16-Paix, justice et institutions efficaces (Promouvoir l’avènement de sociétés pacifiques et ouvertes à tous aux fins du développement durable, assurer l’accès de tous à la justice et mettre en place, à tous les niveaux, des institutions efficaces, responsables et ouvertes à tous)

17-Partenariats pour la réalisation des objectifs

Ainsi voit on que la question du sens à donner aux actions humaine a déjà trouvé sa réponse au niveau théorique puisque ces directions fixées sont largement partagées par tous. La véritable question est en fait de faire triompher le sens sur le non sens. Toute la question est de se donner les moyens de cette « victoire du meilleur des possibles ». On voit ici que la simple bonne volonté ne suffit pas et qu’il s’agit de transformer les mots en actes. Pour cela la notion de cohérence entre le pensé, le sentir et l’agir est capitale. Le problème de l’humanité est celui d’un choix : dans quelle direction veut elle aller ? Une fois ceci définit il s’agit de s’y mettre à 100% et de lutter contre les forces qui ne vont pas dans le sens défini. La contradiction entre les actes et les discours est en effet le cœur du problème. Les institutions ne veulent pas lâcher les praxis de l’ancien monde (la guerre, la concurrence économique, la loi du plus riche, la spéculation, le productivisme, etc…) c’est-à-dire celles qui sont porteuses du non sens. Il faut être vigoureux dans la dénonciation des pratiques de l’ancien monde qui met l’humanité dans le sens du non sens.
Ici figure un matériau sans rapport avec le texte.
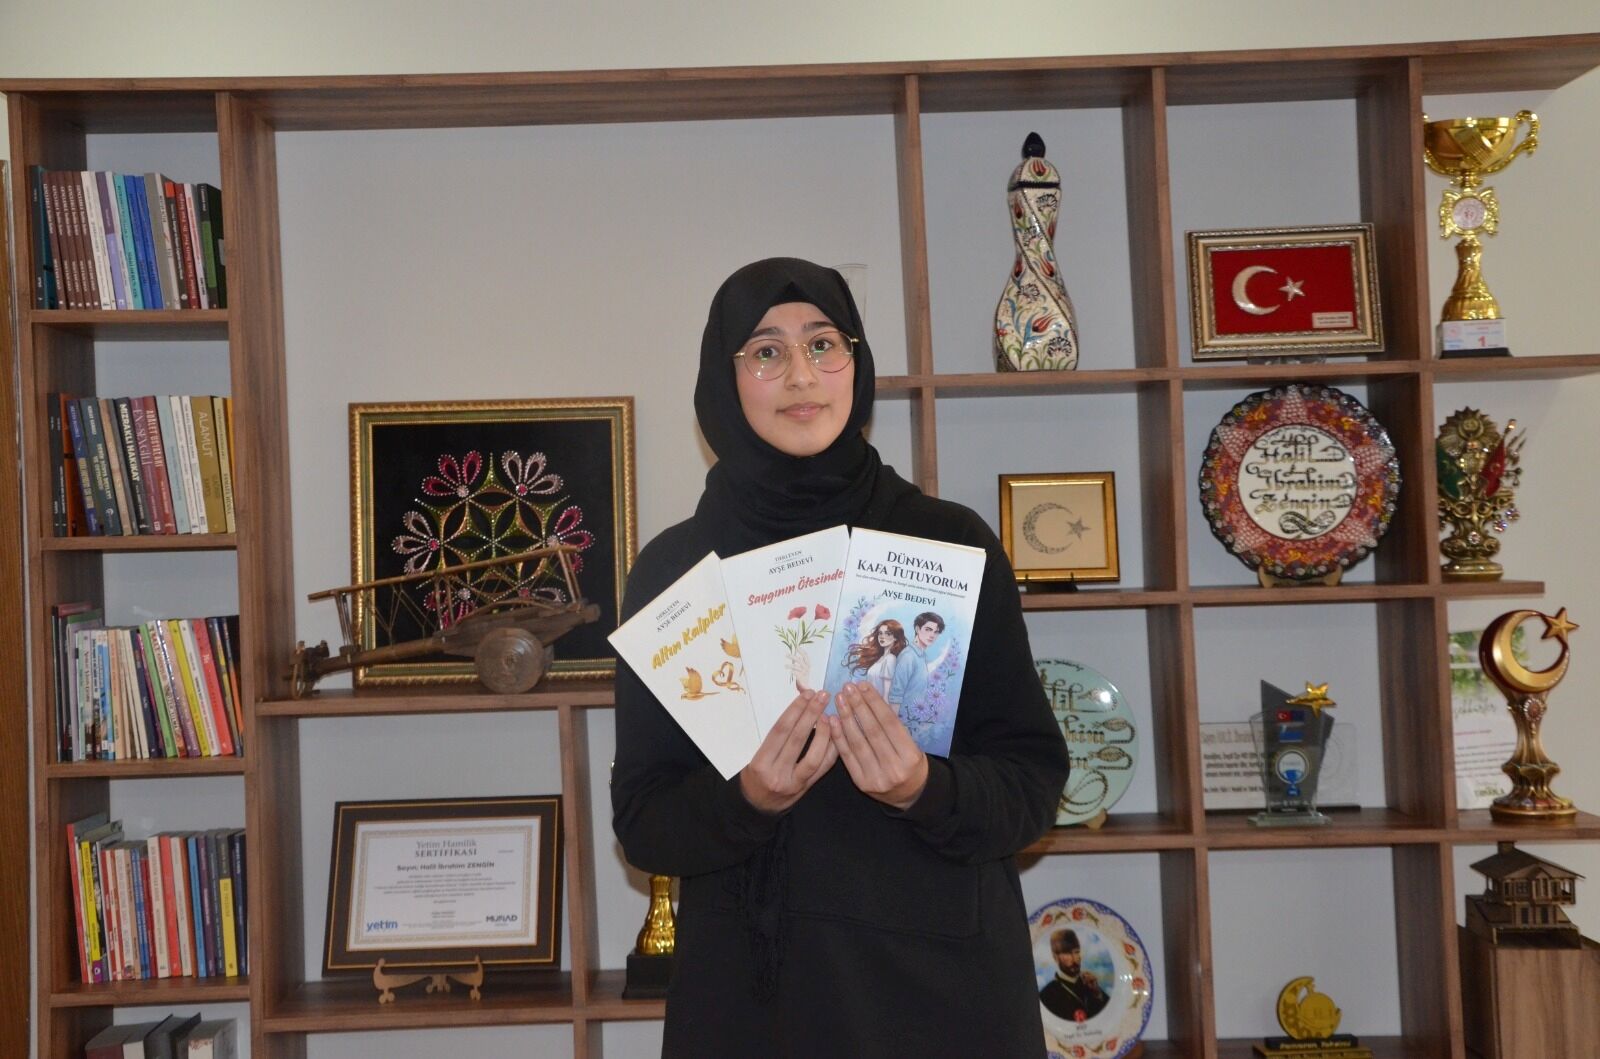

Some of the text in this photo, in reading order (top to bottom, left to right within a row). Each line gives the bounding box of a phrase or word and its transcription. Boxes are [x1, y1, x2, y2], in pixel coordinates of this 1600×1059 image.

Ces pratiques sont en lien avec le développement du capitalisme financiarisé dont l’égoïsme est le moteur fondamental. L’humanité est prise au piège du système qu’elle a elle-même généré. L’homme du quotidien est obligé de se soumettre aux critères de la finance mondialisée pour survivre et ne pas sombrer dans la déchéance qui est promise à ceux qui se marginalisent de son processus. Chacun est obligé de subir des compromis et à travailler pour le non sens ne serait ce que pour survivre dans un monde de factures de plus en plus contraignant. Ce piège est vrai pour tous les individus à l’exception d’une minorité qui tient fermement les cordons de la bourse et profite du système. La figure du riche est ainsi le seul espoir de l’individu quotidien de sortir des servitudes imposées par le système. Cette admiration pour la condition du riche est certainement le moteur le plus important du non sens. Il s’agit de créer une alternative à la figure du riche pour promouvoir une véritable culture du sens. Cette alternative est vécue au quotidien par des milliers de travailleurs qui vivent les métiers du sens et qui se battent au quotidien pour préserver le sens de leur travail contre les normes gestionnaires qui veulent s’imposer dans tous les secteurs d’activité.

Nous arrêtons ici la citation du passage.